INSTRUCTIONS TO FOLLOW
Repeat only the stretch of lines below that runs from the line with "this 1288×966 image." through the line with "this 1200×1600 image.", unaltered.
** DATA follows **
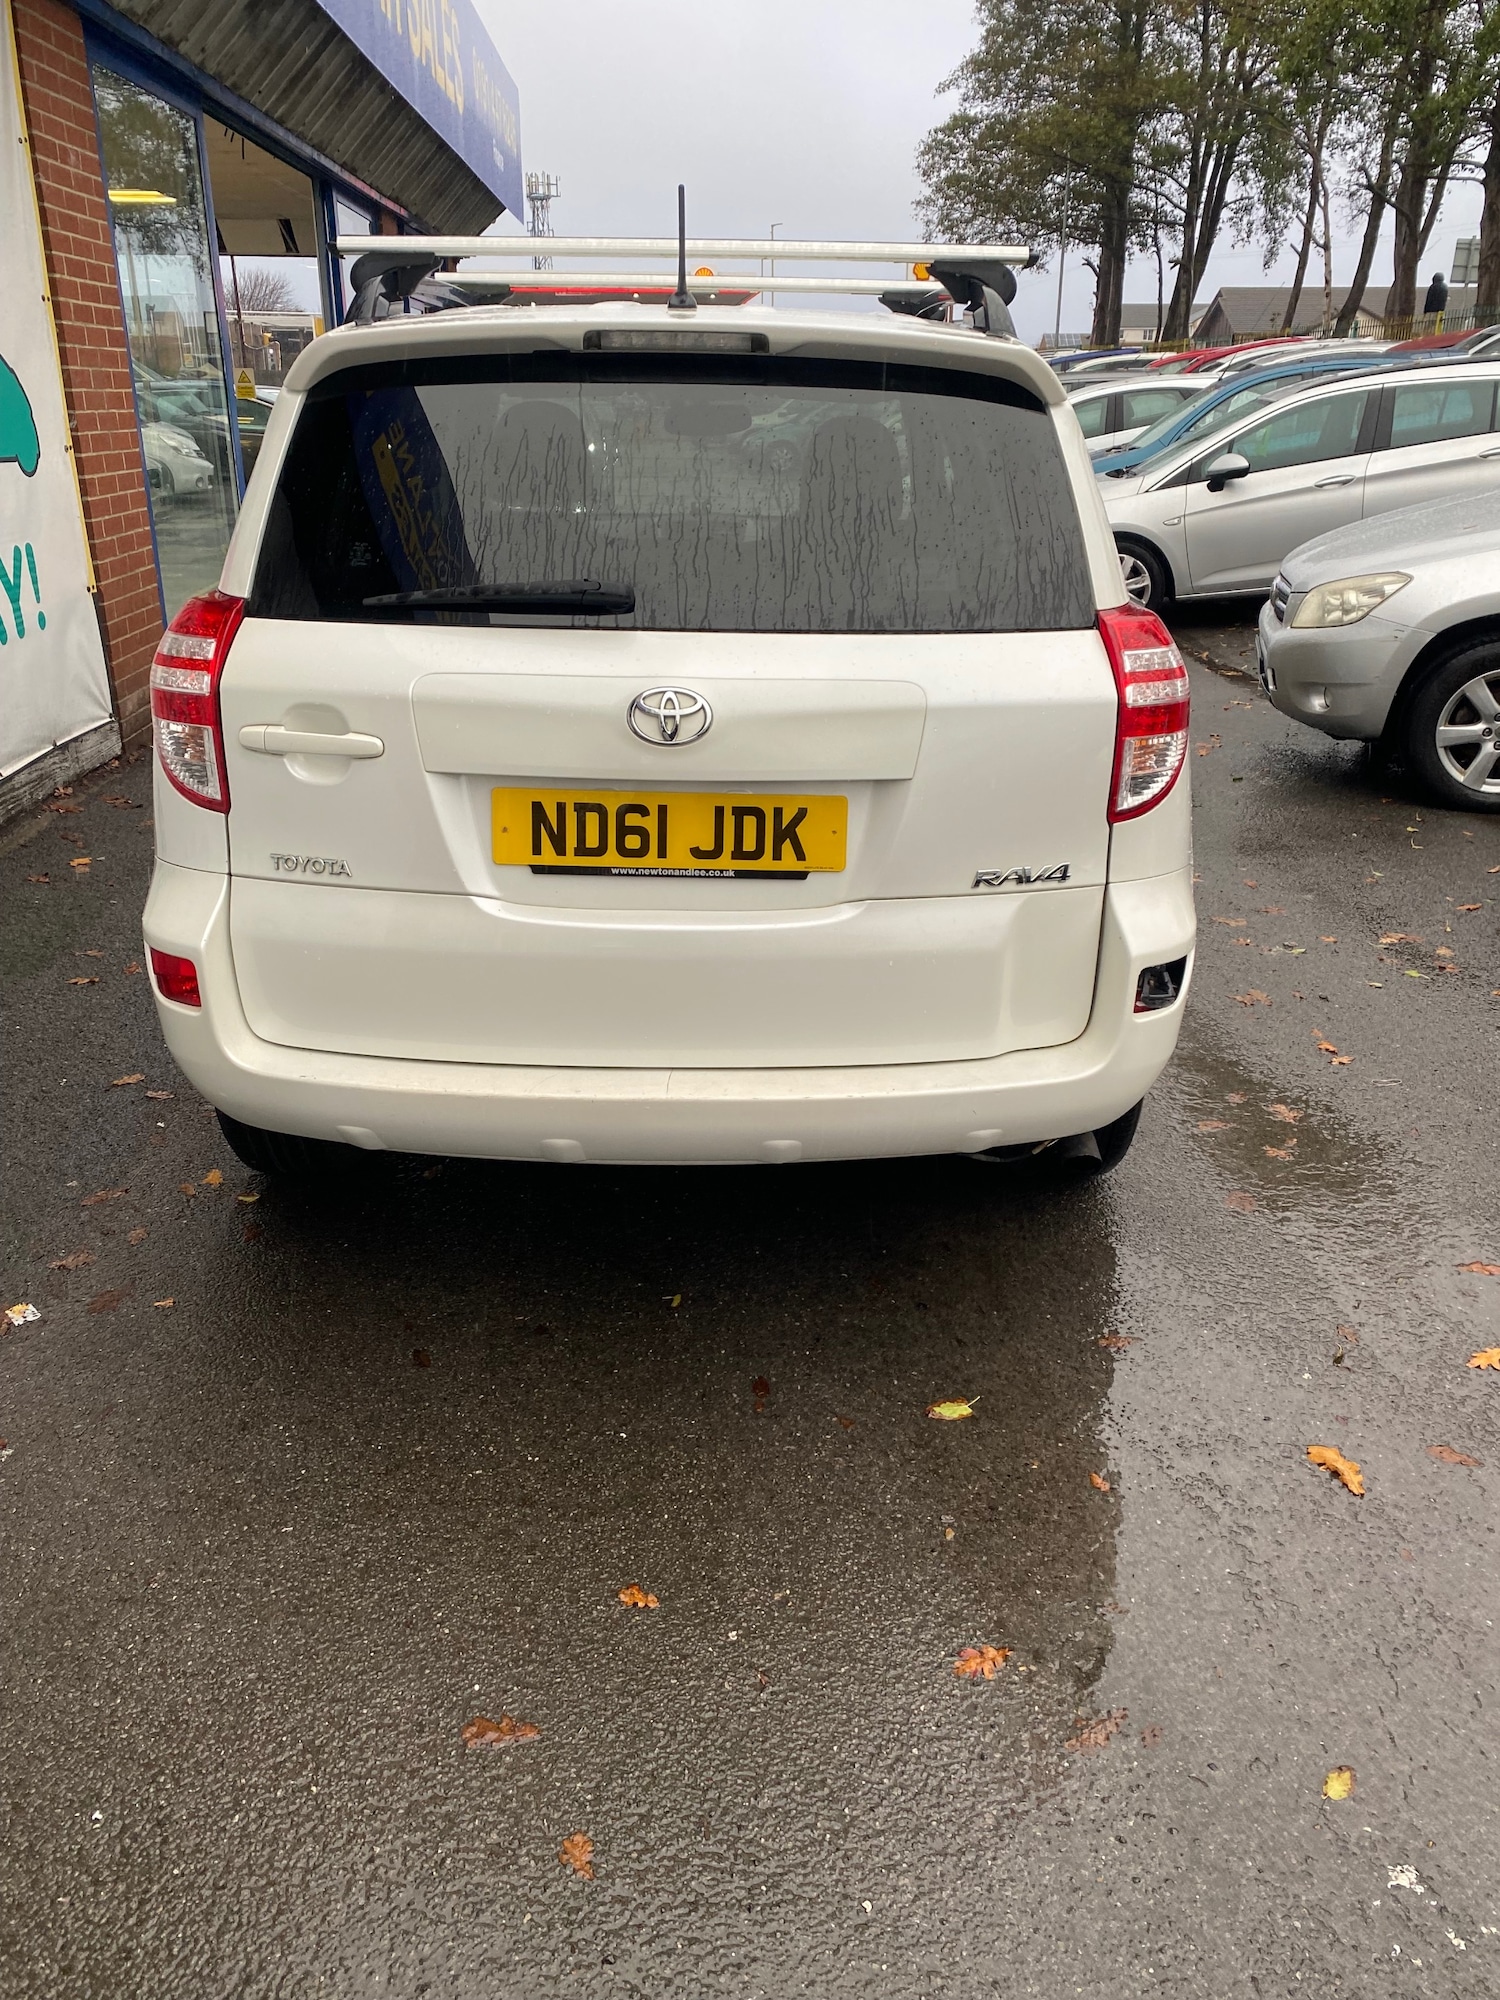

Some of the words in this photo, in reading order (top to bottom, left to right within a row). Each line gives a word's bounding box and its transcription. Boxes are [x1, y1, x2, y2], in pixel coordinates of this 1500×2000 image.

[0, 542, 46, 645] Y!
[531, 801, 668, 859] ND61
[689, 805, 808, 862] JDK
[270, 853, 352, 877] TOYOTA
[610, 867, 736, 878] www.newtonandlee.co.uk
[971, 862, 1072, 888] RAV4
** End of DATA **
** DATA follows **
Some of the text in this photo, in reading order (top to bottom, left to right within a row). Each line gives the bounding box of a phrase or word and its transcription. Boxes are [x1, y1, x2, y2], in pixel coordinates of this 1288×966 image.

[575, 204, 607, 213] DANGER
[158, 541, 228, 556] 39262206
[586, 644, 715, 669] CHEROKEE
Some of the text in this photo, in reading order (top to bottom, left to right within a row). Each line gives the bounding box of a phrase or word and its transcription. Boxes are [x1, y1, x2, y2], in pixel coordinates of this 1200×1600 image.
** End of DATA **
** DATA follows **
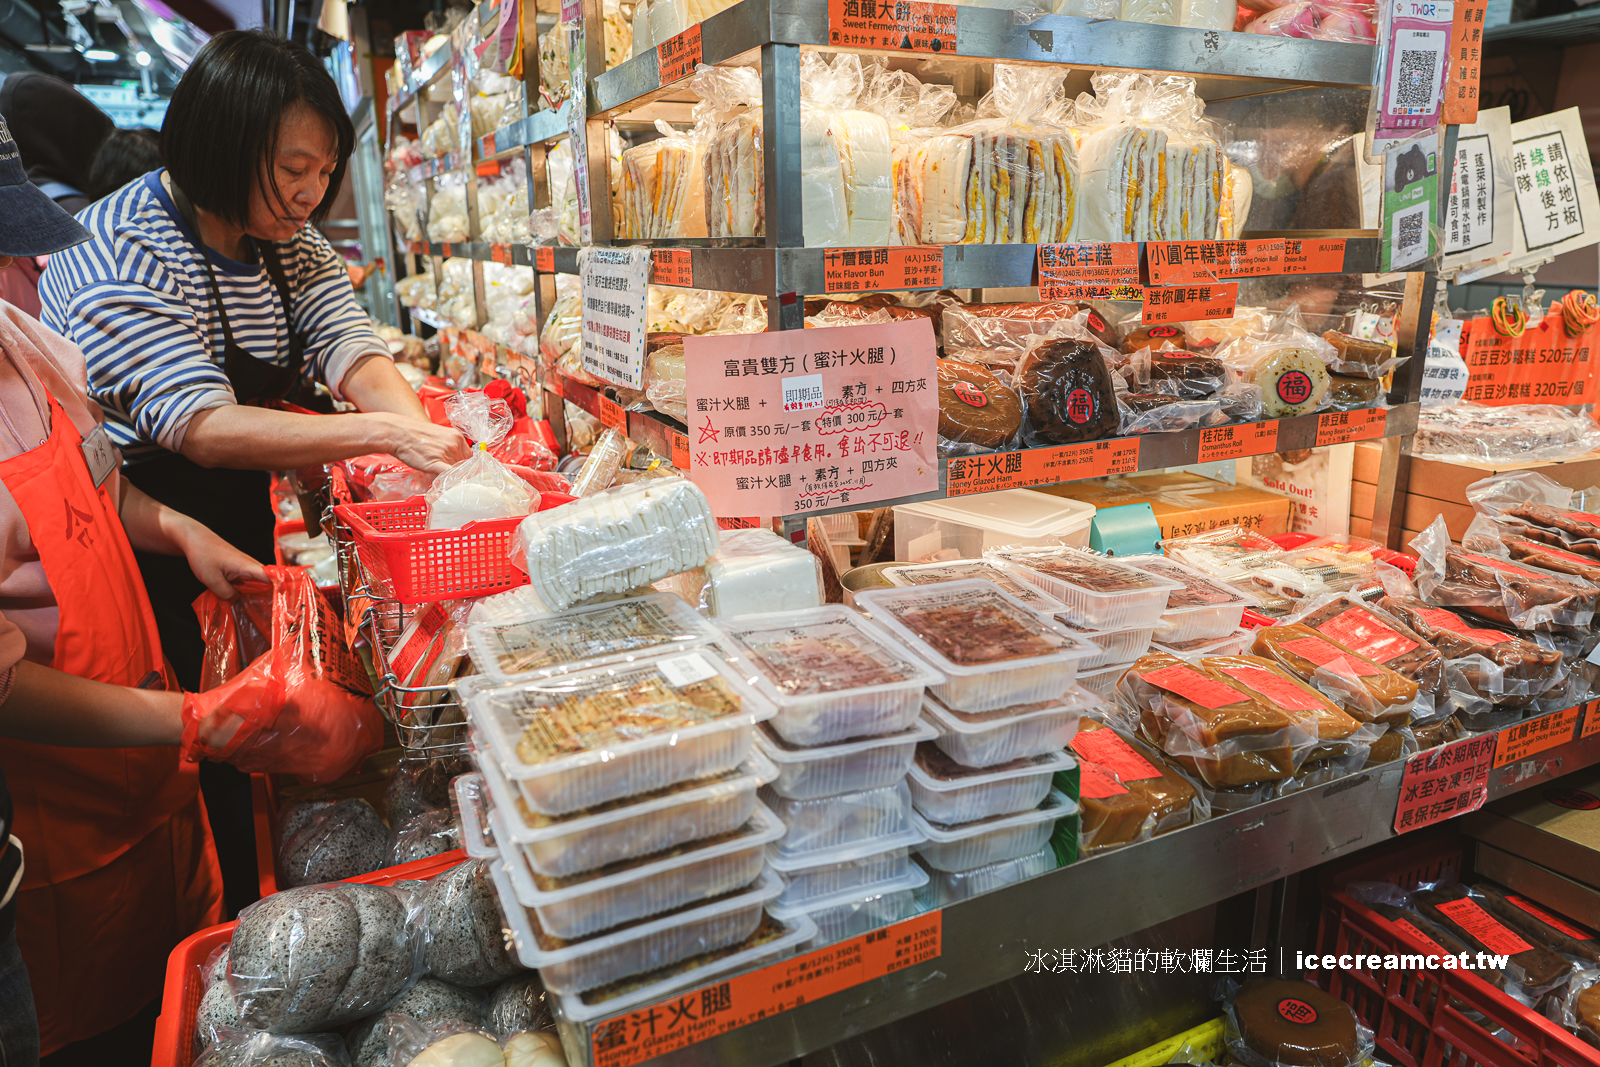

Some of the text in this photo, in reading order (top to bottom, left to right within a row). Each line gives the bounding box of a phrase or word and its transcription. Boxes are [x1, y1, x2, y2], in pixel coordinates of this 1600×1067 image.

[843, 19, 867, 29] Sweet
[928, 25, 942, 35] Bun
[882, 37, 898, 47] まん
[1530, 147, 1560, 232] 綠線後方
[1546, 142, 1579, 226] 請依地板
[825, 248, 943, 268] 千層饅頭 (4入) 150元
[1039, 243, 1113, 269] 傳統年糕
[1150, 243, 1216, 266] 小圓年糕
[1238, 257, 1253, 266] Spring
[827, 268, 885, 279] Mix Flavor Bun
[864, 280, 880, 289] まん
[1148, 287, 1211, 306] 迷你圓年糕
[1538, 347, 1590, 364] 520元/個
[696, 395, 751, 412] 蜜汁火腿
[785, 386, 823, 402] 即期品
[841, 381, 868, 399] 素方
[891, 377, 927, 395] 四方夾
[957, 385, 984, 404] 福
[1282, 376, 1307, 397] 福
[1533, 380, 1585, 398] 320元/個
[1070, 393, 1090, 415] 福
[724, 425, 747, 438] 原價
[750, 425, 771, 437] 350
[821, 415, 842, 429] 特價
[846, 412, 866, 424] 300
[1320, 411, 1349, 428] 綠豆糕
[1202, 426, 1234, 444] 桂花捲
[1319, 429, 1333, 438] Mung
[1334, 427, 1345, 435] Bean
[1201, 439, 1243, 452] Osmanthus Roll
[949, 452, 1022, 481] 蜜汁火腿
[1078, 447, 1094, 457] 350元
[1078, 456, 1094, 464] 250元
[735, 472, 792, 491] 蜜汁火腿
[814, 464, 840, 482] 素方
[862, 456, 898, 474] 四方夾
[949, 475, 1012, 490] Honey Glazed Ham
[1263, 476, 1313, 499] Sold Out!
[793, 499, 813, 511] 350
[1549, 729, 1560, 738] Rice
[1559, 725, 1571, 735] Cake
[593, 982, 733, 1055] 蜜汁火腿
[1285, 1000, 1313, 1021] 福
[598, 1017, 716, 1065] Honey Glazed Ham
** End of DATA **
SOLVED PROBLEM
Some of the text in this photo, in reading order (top to bottom, left to right within a row). Each line gives the bounding box of a phrase or word and its transcription. Boxes are [x1, y1, x2, y2], in pixel coordinates of this 1288×966 image.

[575, 204, 607, 213] DANGER
[158, 541, 228, 556] 39262206
[586, 644, 715, 669] CHEROKEE
Some of the text in this photo, in reading order (top to bottom, left to right within a row). Each line gives the bounding box of a phrase or word and its transcription. Boxes are [x1, y1, x2, y2], in pixel coordinates of this 1200×1600 image.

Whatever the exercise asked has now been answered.